▶ _Data for processing_:
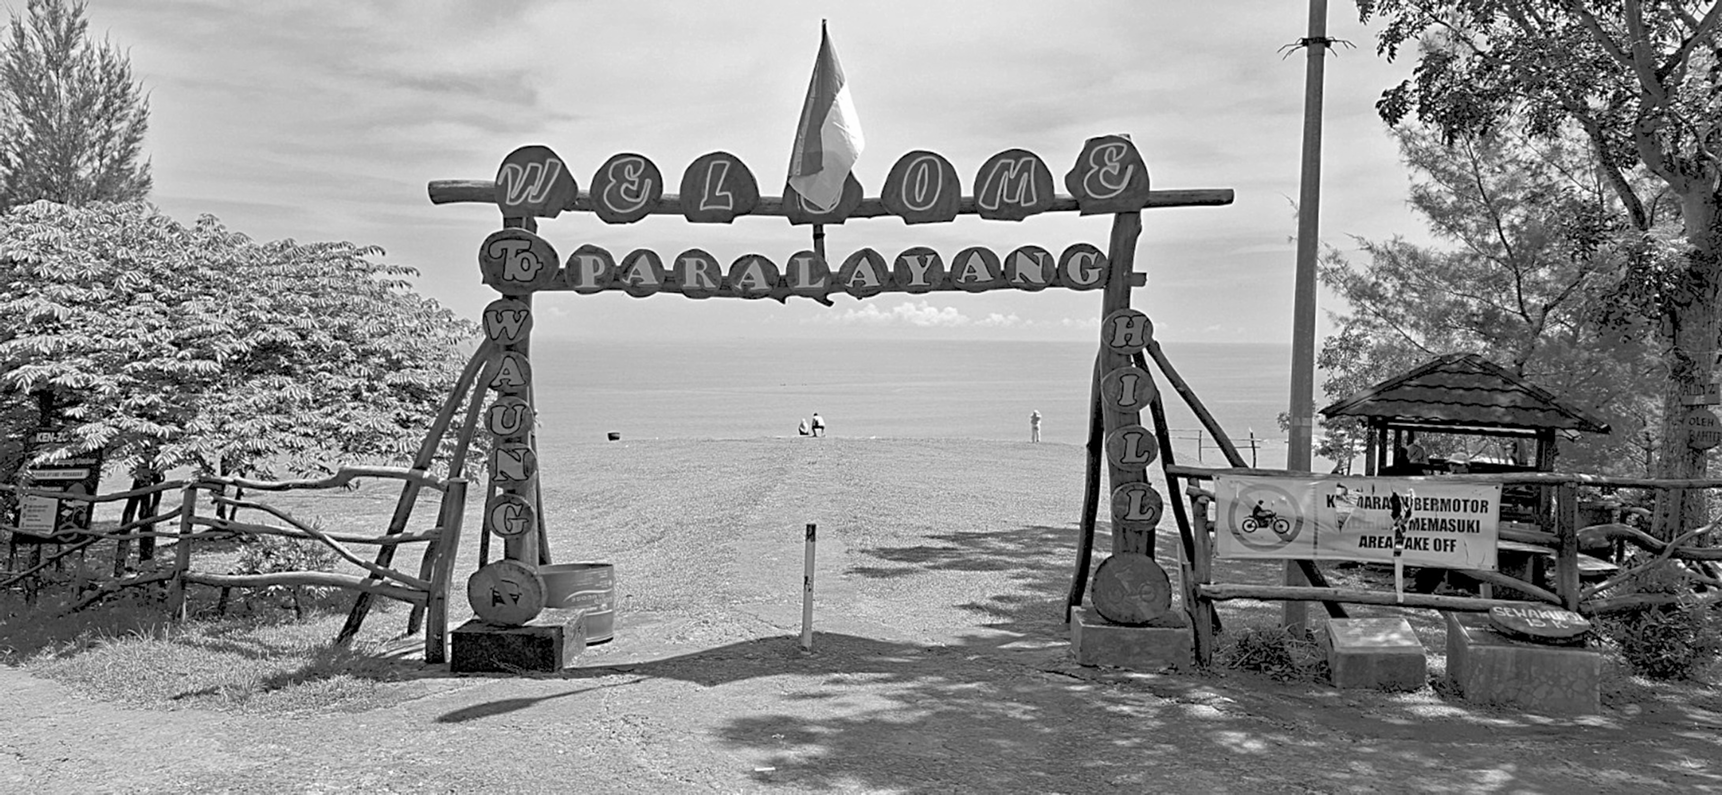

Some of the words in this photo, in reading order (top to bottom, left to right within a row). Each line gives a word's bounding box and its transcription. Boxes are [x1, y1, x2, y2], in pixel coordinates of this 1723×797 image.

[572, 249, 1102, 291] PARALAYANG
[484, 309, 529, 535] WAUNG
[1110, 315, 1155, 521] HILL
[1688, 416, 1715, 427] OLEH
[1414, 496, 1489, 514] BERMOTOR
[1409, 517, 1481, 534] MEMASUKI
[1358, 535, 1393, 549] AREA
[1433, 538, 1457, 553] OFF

▶ _Exercise requirements_: Leaving the pictures out, reproduce the entries above exactly.

▶ _Completed task_:
Some of the words in this photo, in reading order (top to bottom, left to right within a row). Each line gives a word's bounding box and its transcription. Boxes are [x1, y1, x2, y2], in pixel coordinates of this 1723×797 image.

[572, 249, 1102, 291] PARALAYANG
[484, 309, 529, 535] WAUNG
[1110, 315, 1155, 521] HILL
[1688, 416, 1715, 427] OLEH
[1414, 496, 1489, 514] BERMOTOR
[1409, 517, 1481, 534] MEMASUKI
[1358, 535, 1393, 549] AREA
[1433, 538, 1457, 553] OFF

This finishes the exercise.